(Annotated photo localization data)
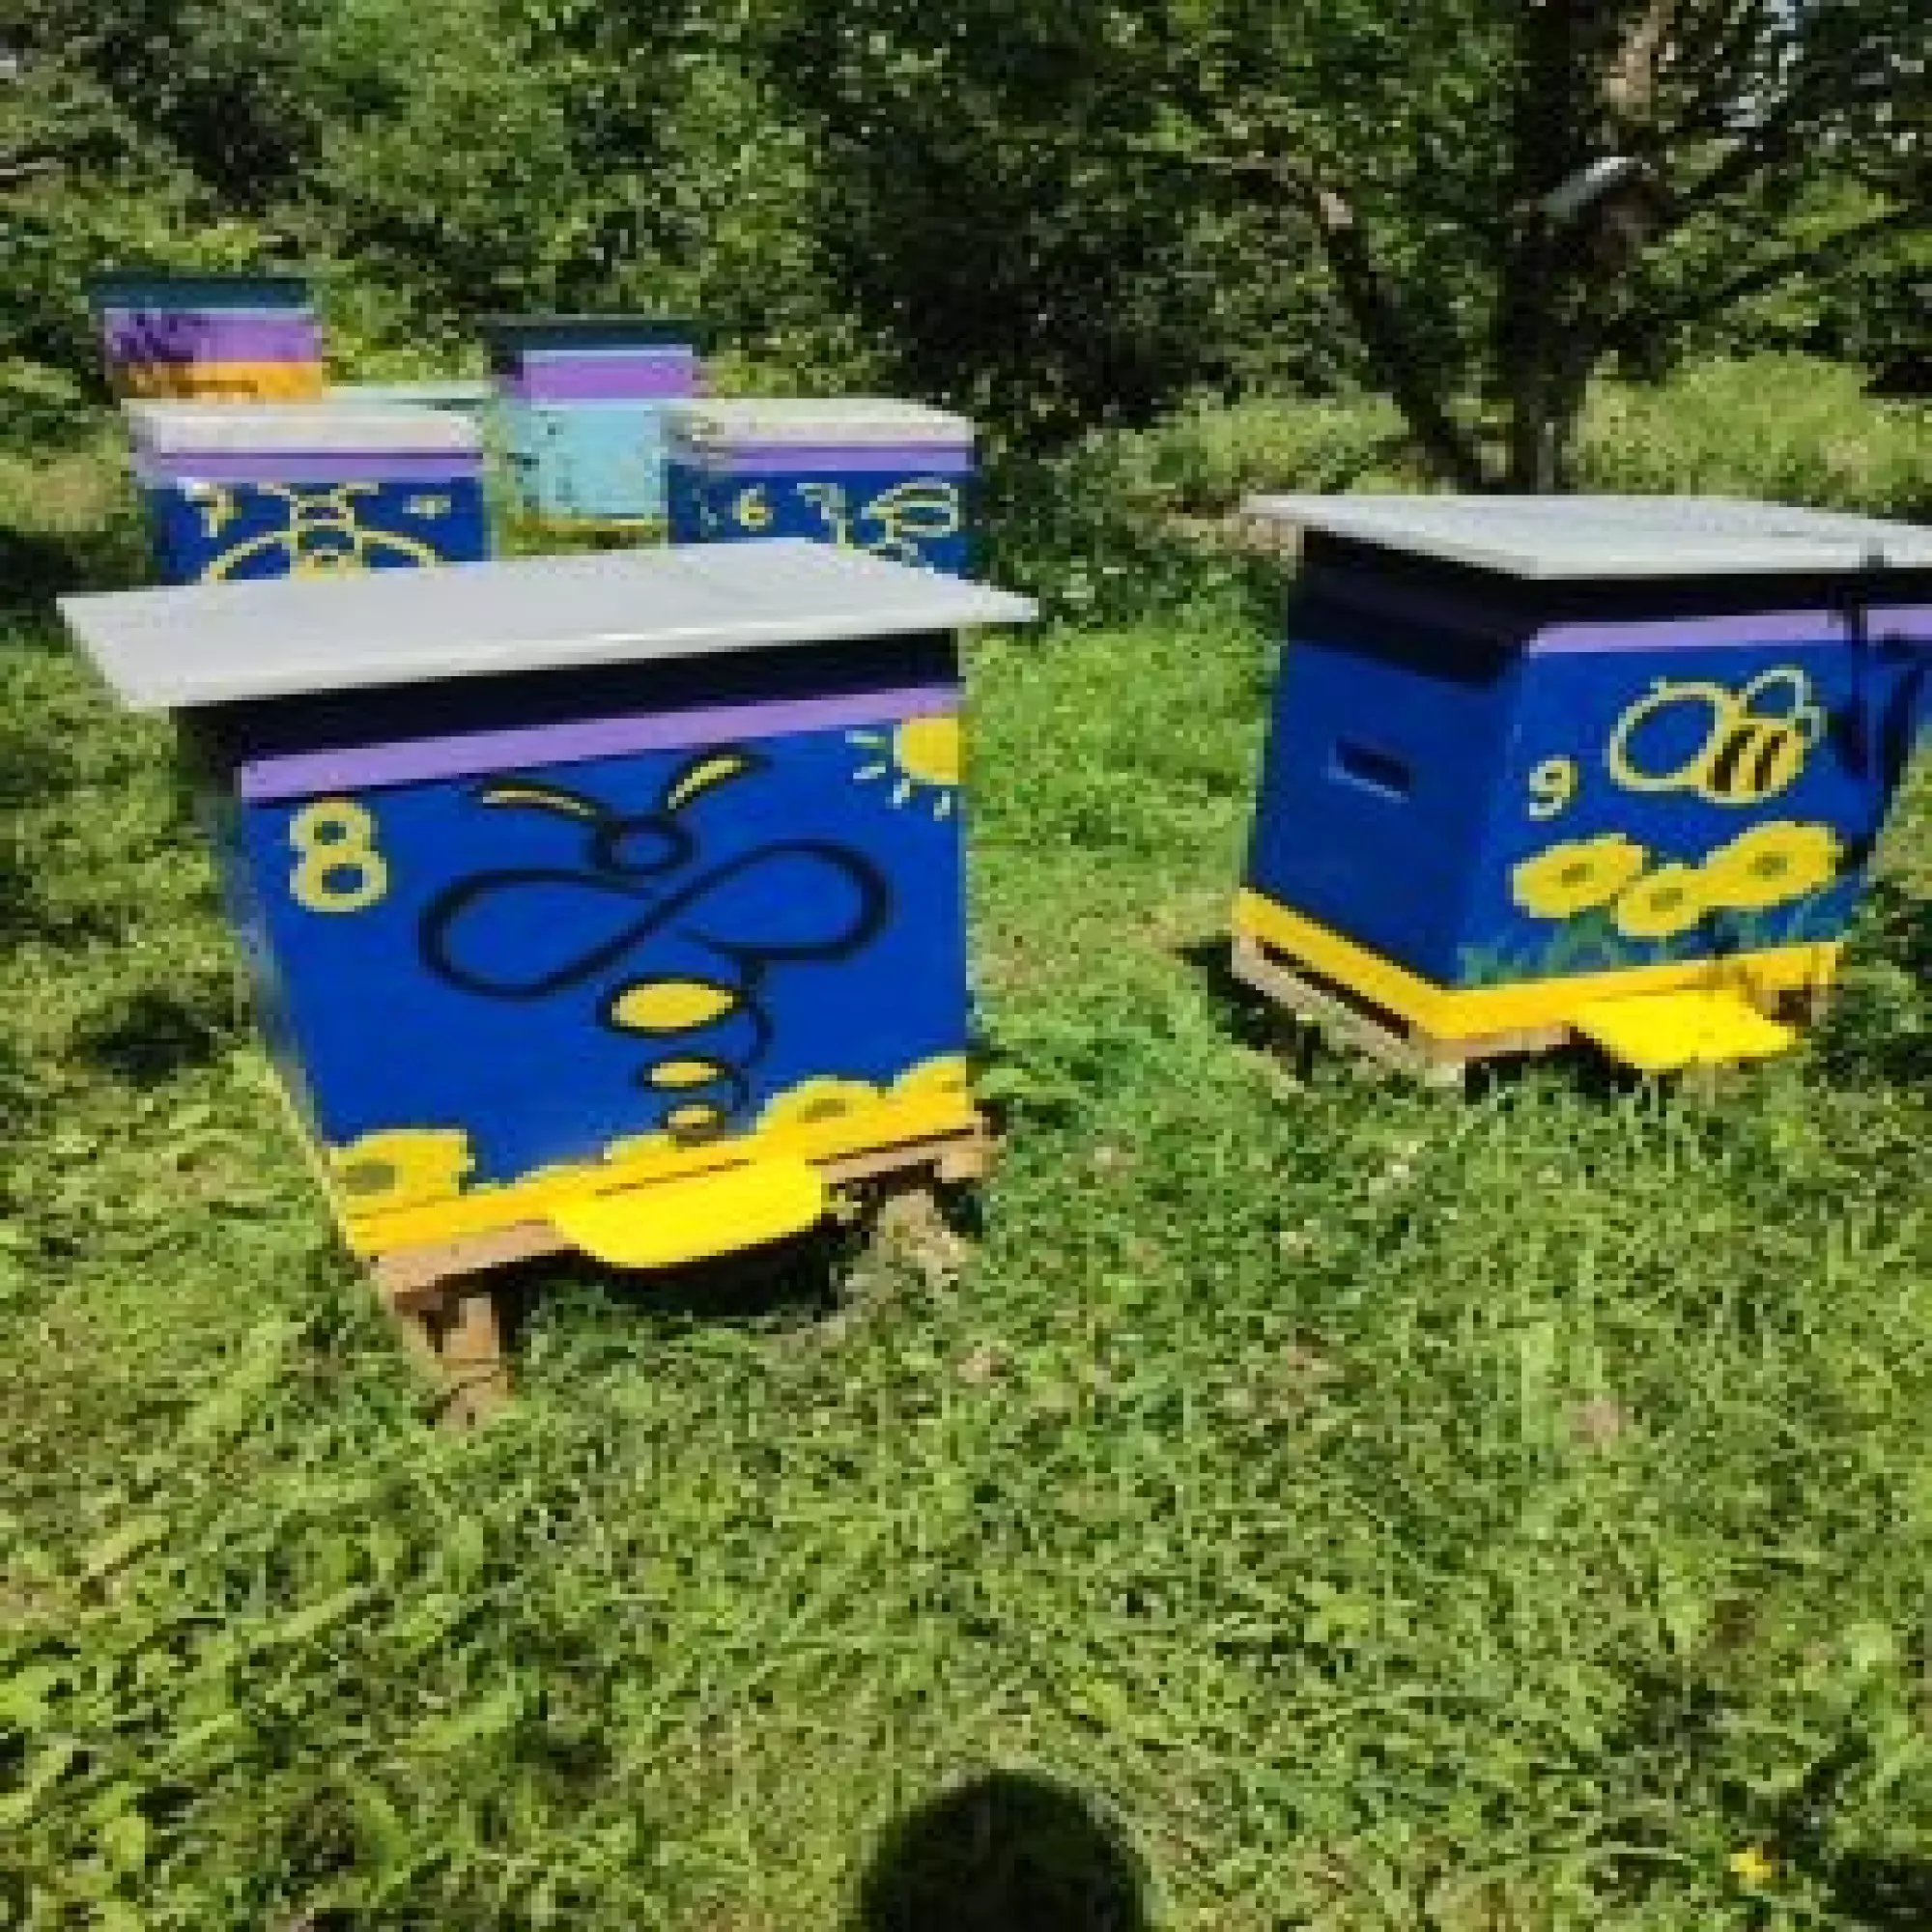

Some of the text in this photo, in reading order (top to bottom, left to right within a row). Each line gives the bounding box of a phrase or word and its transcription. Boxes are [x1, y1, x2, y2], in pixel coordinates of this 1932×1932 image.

[733, 488, 773, 530] 6
[1528, 756, 1578, 820] 9
[290, 797, 386, 912] 8
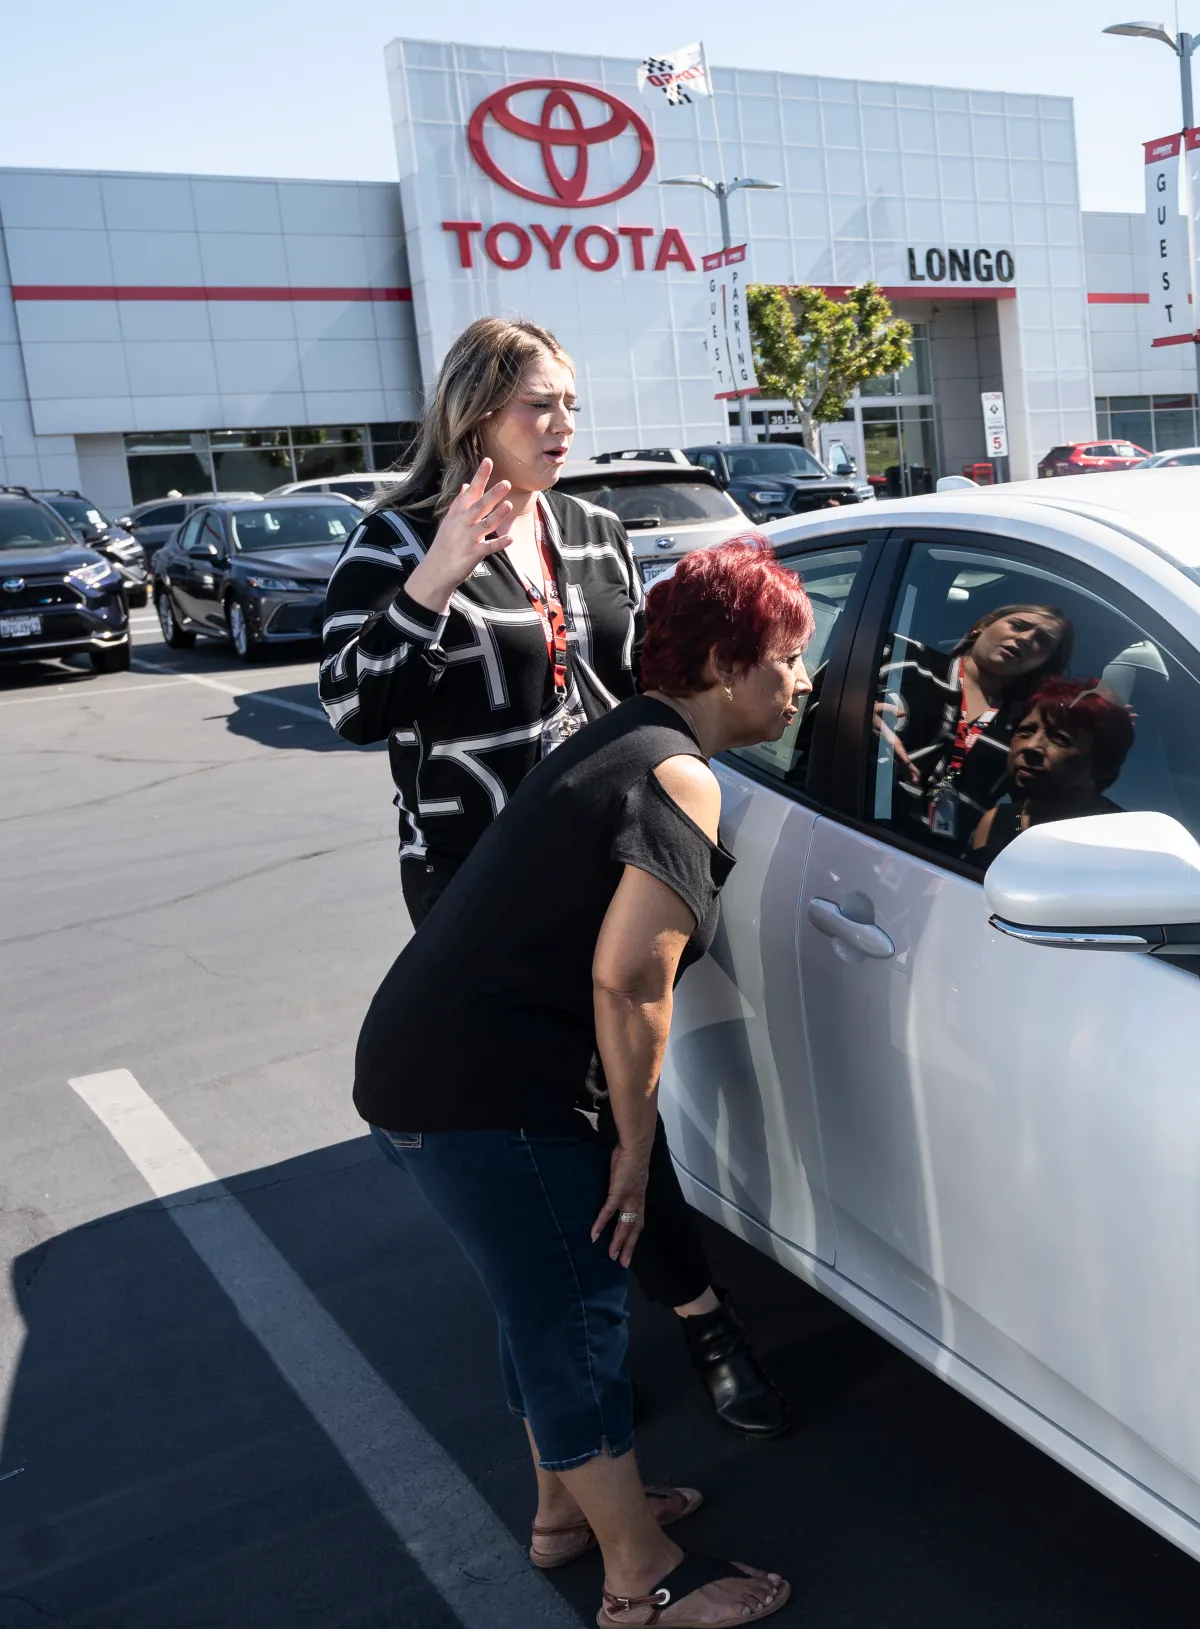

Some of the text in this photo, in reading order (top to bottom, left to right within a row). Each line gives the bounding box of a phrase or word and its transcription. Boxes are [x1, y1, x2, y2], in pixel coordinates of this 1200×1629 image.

[441, 221, 697, 272] TOYOTA
[907, 247, 1015, 282] LONGO
[1156, 173, 1173, 323] GUEST
[709, 279, 724, 383] GUEST
[732, 272, 748, 381] PARKING
[993, 437, 1001, 450] 5
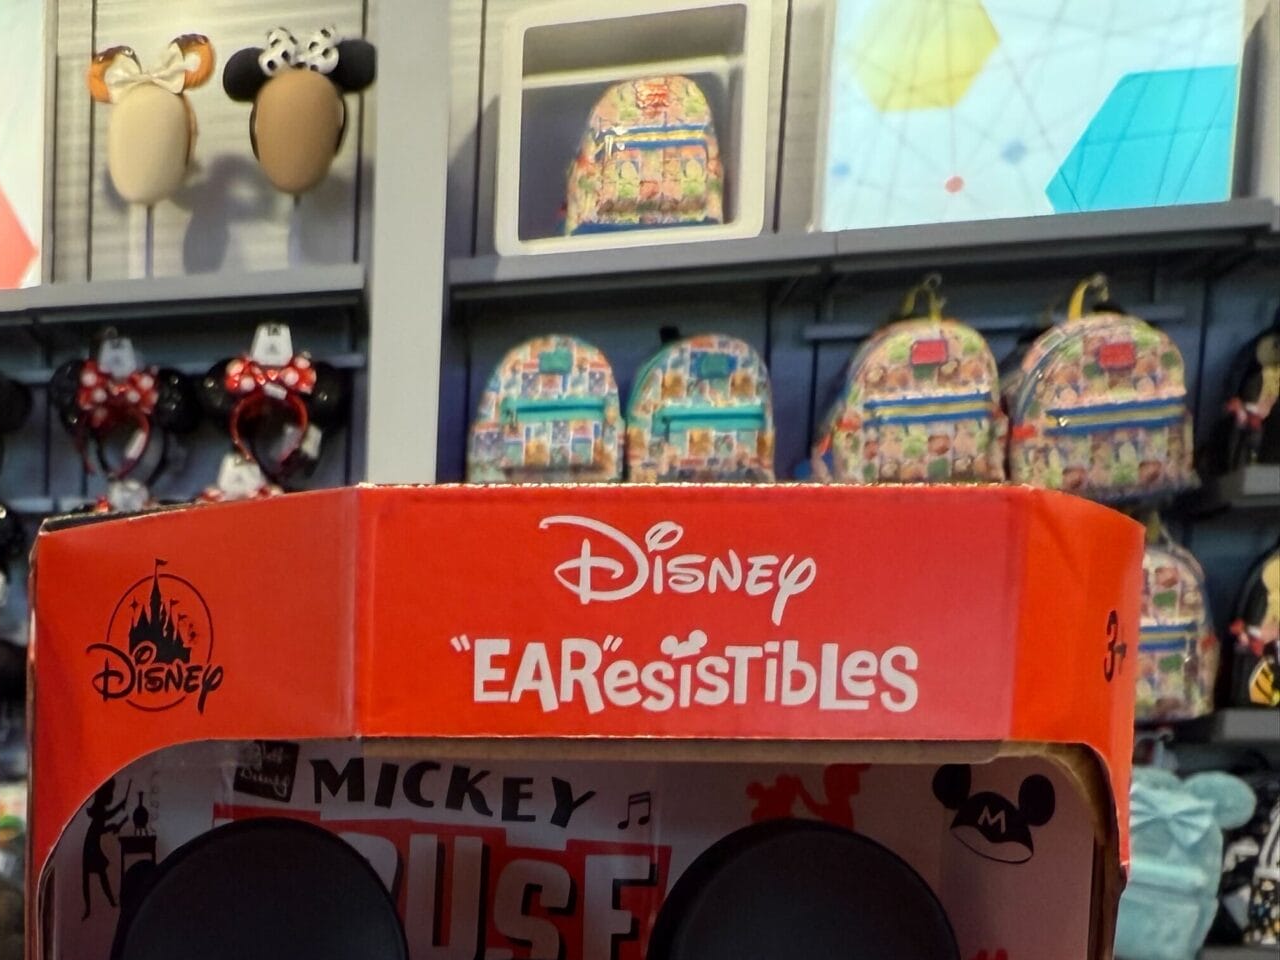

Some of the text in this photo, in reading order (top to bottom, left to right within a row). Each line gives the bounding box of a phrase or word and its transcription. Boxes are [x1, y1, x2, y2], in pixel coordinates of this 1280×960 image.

[538, 513, 817, 626] Disney
[85, 641, 224, 715] Disney
[308, 756, 597, 829] MICKEY
[977, 805, 1007, 834] M

**WHAT IS EXPECTED:** All of the data is to be returned exactly, with no pictures included.

**SOLVED EXERCISE:**
Some of the text in this photo, in reading order (top to bottom, left to right within a row). Each line gives the bounding box of a phrase or word and its transcription. Boxes are [x1, y1, x2, y2], in pixel coordinates of this 1932×1932 image.

[733, 488, 773, 530] 6
[1528, 756, 1578, 820] 9
[290, 797, 386, 912] 8

Some of the text in this photo, in reading order (top to bottom, left to right within a row). Each line gives the bounding box of a phrase or word and its transcription. Boxes are [x1, y1, x2, y2], in pixel coordinates of this 1200×1629 image.

[441, 221, 697, 272] TOYOTA
[907, 247, 1015, 282] LONGO
[1156, 173, 1173, 323] GUEST
[709, 279, 724, 383] GUEST
[732, 272, 748, 381] PARKING
[993, 437, 1001, 450] 5

Some of the text in this photo, in reading order (top to bottom, left to right within a row). Each line gives the bounding box of a phrase or word and its transcription. Boxes are [x1, y1, x2, y2], in pixel coordinates of this 1280×960 image.

[538, 513, 817, 626] Disney
[85, 641, 224, 715] Disney
[308, 756, 597, 829] MICKEY
[977, 805, 1007, 834] M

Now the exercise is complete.